A journey into London’s future shows a better world

15 Apr 2021 12:42 PM

EXPERT COMMENT

The Futurescape initiative aims to help urban dwellers prepare for a more sustainable future, showing there are many paths to achieving the desired outcomes.

‘We wanted flying cars. Instead we got 140 characters’ said controversial technology entrepreneur Peter Thiel more than a decade ago. Clearly technologies will play an outsized role in shaping humanity’s future, including that of our urban habitat. But predicting which specific technologies will race ahead is no mean feat, although huge effort has gone into dissecting future trends and anticipating new needs and wants.
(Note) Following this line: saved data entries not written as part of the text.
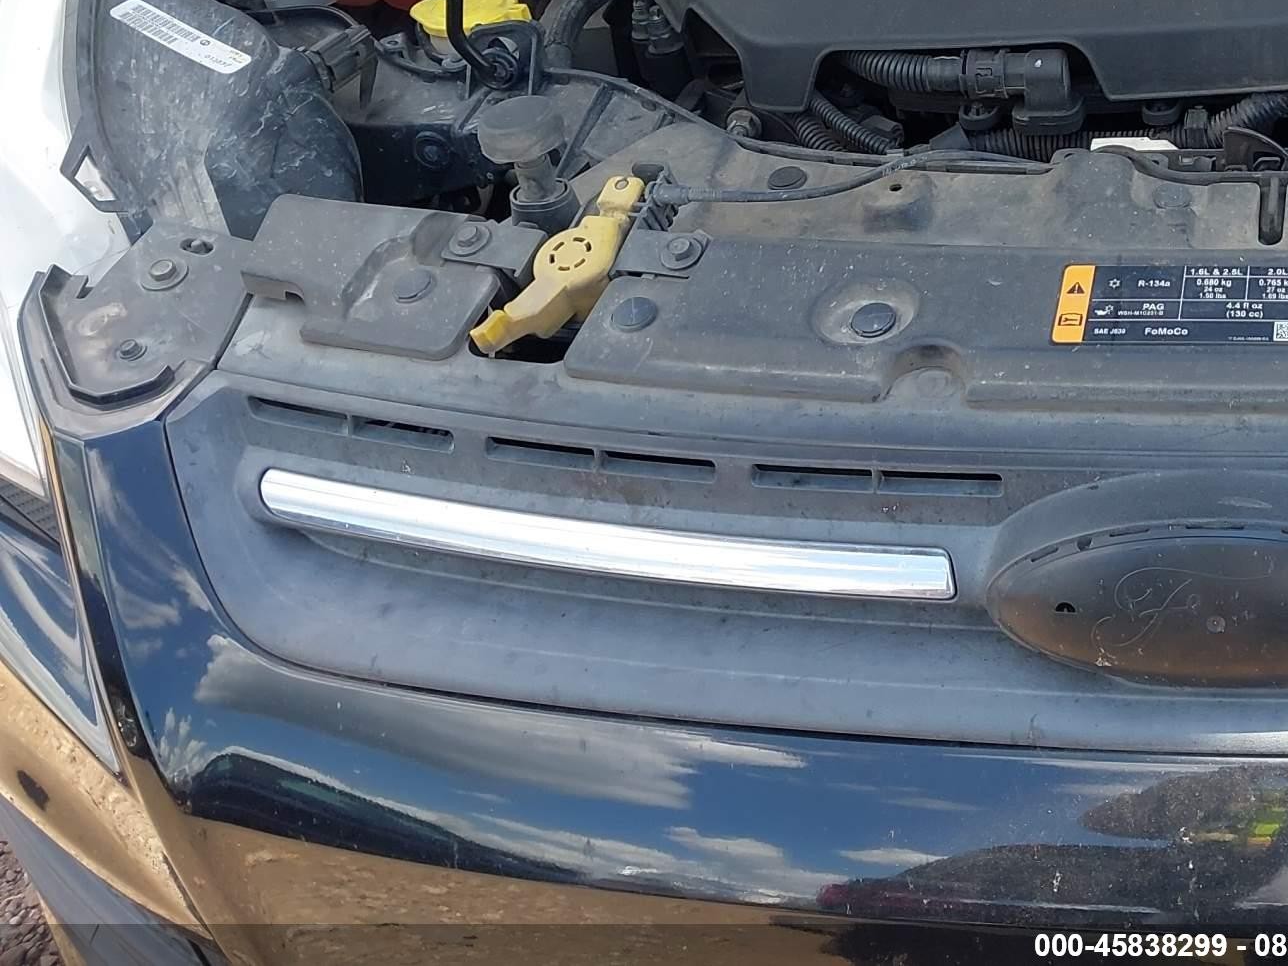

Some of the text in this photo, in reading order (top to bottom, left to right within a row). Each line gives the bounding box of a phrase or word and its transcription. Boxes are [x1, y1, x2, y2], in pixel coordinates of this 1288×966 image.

[1267, 268, 1288, 276] 2.0L
[1137, 279, 1171, 287] R-134a
[1221, 279, 1232, 287] kg
[1226, 310, 1264, 318] (130 cc)
[1144, 327, 1189, 335] FoMoCo
Futurescape is a Chatham House initiative for our second century, generating innovative thinking and exploring how a more sustainable future could come about in the next one hundred years around London’s Piccadilly Circus, an area which has been the Institute’s neighbourhood for almost a century. Its aim is to sidestep the wormhole of apocalyptic futurism.

The pandemic has catapulted ideas which lived largely in the imagination into near realities in many cities. It is becoming clear a return to business-as-usual is not only unlikely but also undesirable for some. Rebuilding the new normal and finding a way to more sustainable futures requires reconfiguring some fundamentals at both a policy and individual level.